A town is being built on Tzouhalem. We’re at the beginning of a population explosion. People are arriving to be in nature. Developments are popping up. Trees, with no bylaw to protect them, are coming down in clearcut hectares. Trails are becoming crowded. It doesn’t take a visionary to see what’s coming. We can’t afford to log trees we can protect.
So what are we fighting about?
Recently, I was interviewed for a news story on poaching in our forests and said (not included): these thieves are nothing in comparison with what our community will be stealing from future generations if we keep logging. We’d be gobbling up the last crumbs that could grow into a banquet for them.
But there’s good news. If we opt for carbon credits, the money would be used to manage and protect the forests. Going forward there’d be no financial incentive to war on the forests or to fight about them.
The problem is that public consultation is stuck between governments. The municipality and First Nations are negotiating. About what? How to protect the forests for future generations? We’ve been told nothing. We’ve been waiting more than a year.

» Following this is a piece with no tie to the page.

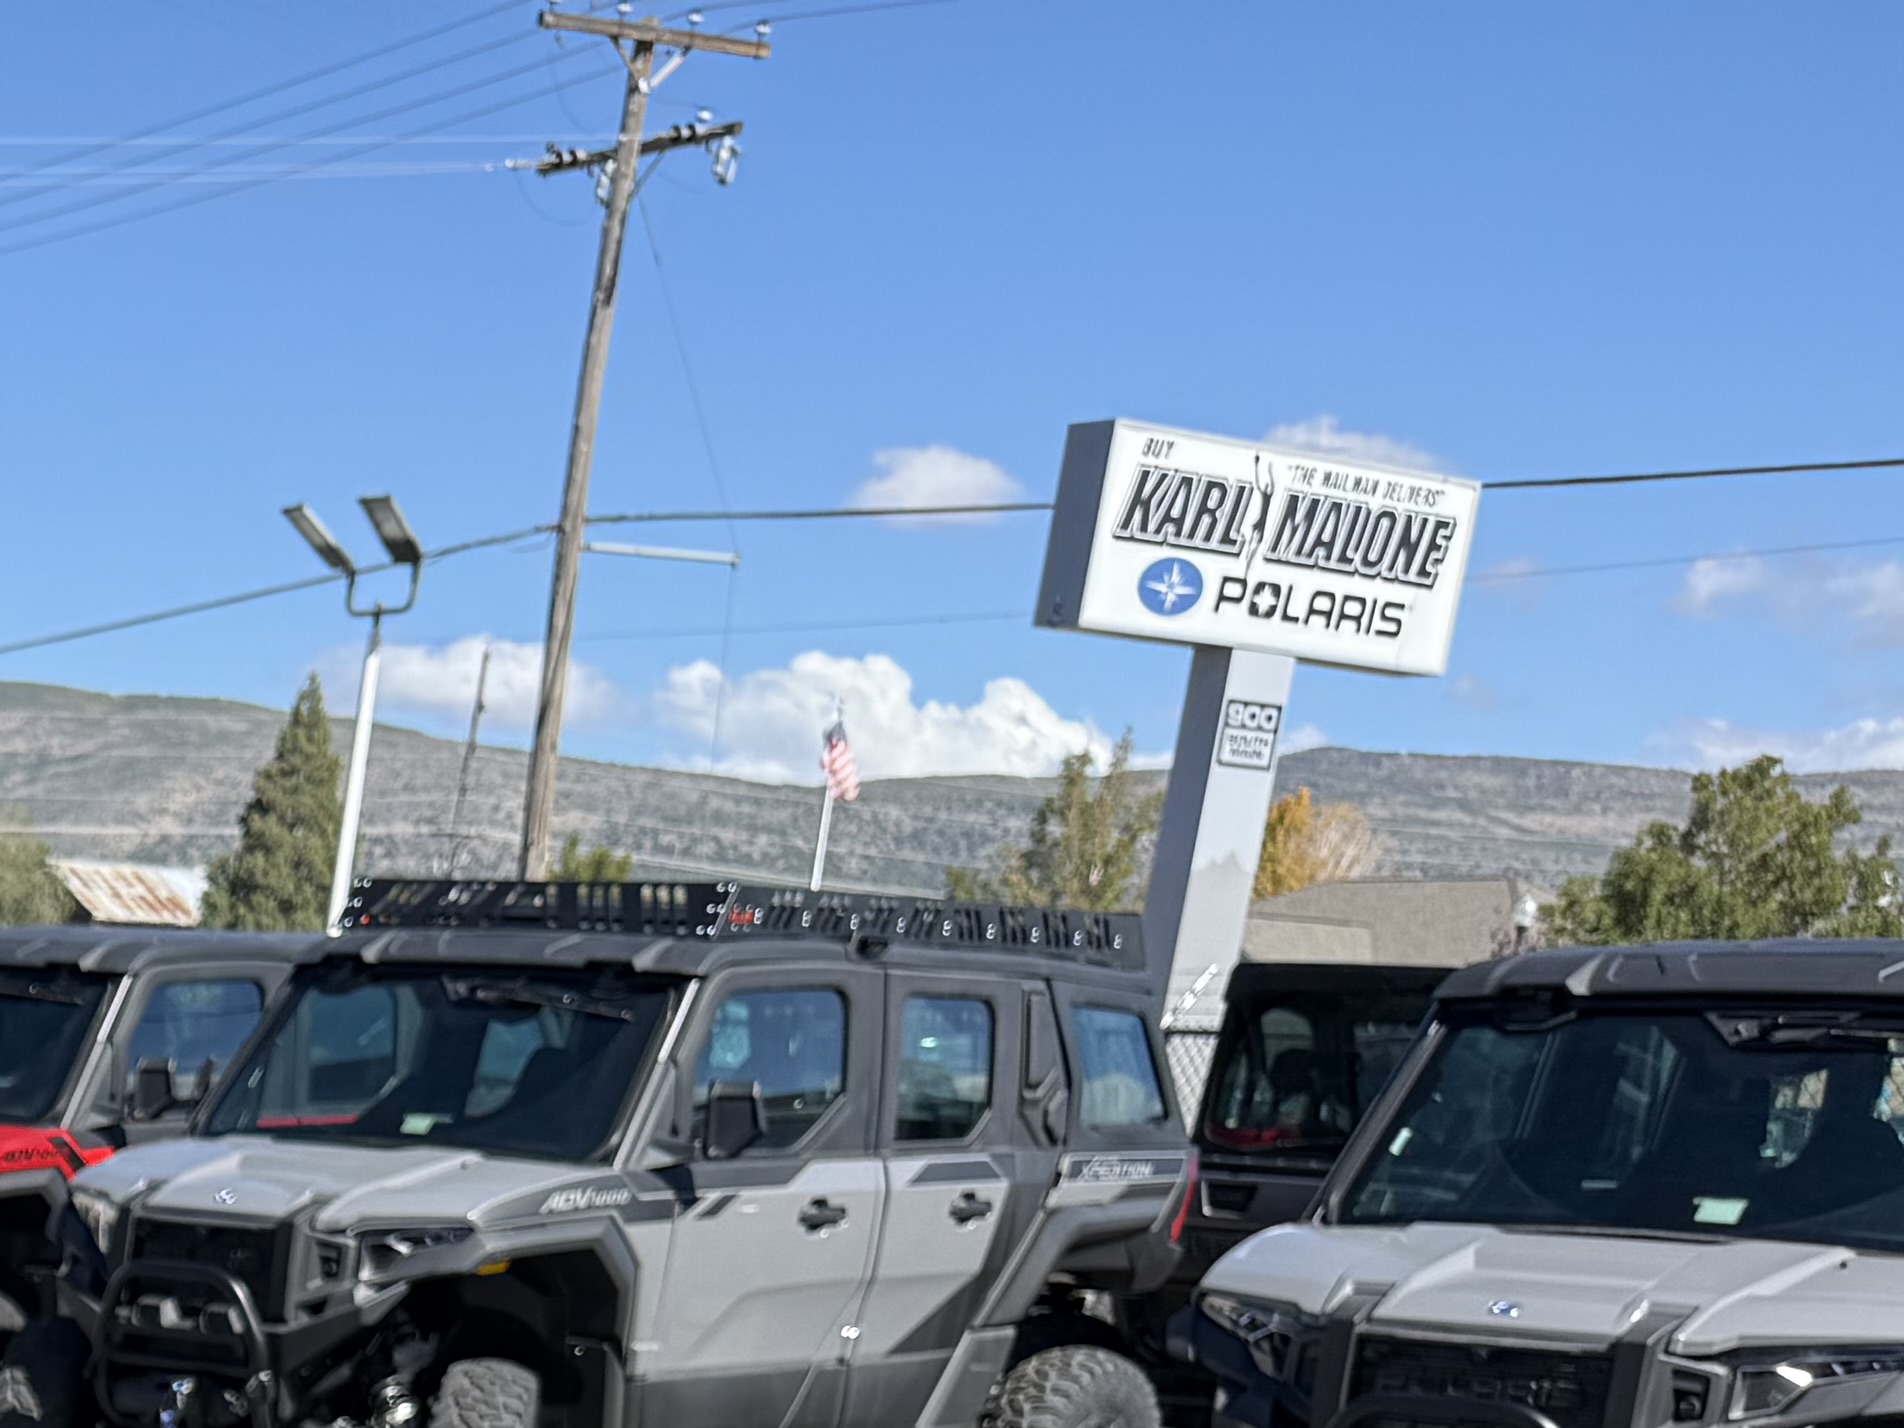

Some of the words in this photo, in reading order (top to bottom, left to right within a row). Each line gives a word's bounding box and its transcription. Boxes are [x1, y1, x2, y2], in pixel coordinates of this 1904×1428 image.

In pubic meetings, First Nations Elders, advocating to stop logging, have said that to honour and serve nature is a First Nations value. They say trees are family to their people. So are all living beings in the forests. And, they say, their people traditionally plan for many generations.
Every time I hear these words I’m filled with hope. I understand there are other points of view. As in North Cowichan, so in the First Nations: some want to log.
But I believe most people, of all backgrounds, want to protect the forests — that most are motivated by love for children and nature: it’s the universal language. In our hearts we know what is true.
The forests are sacred and should be accessible for all people, with no “No Trespassing” signs. It’s time to share what we know about the rare, endangered forest ecosystems surrounding us — time for understanding, time for our roots to connect together through the forests, before time runs out.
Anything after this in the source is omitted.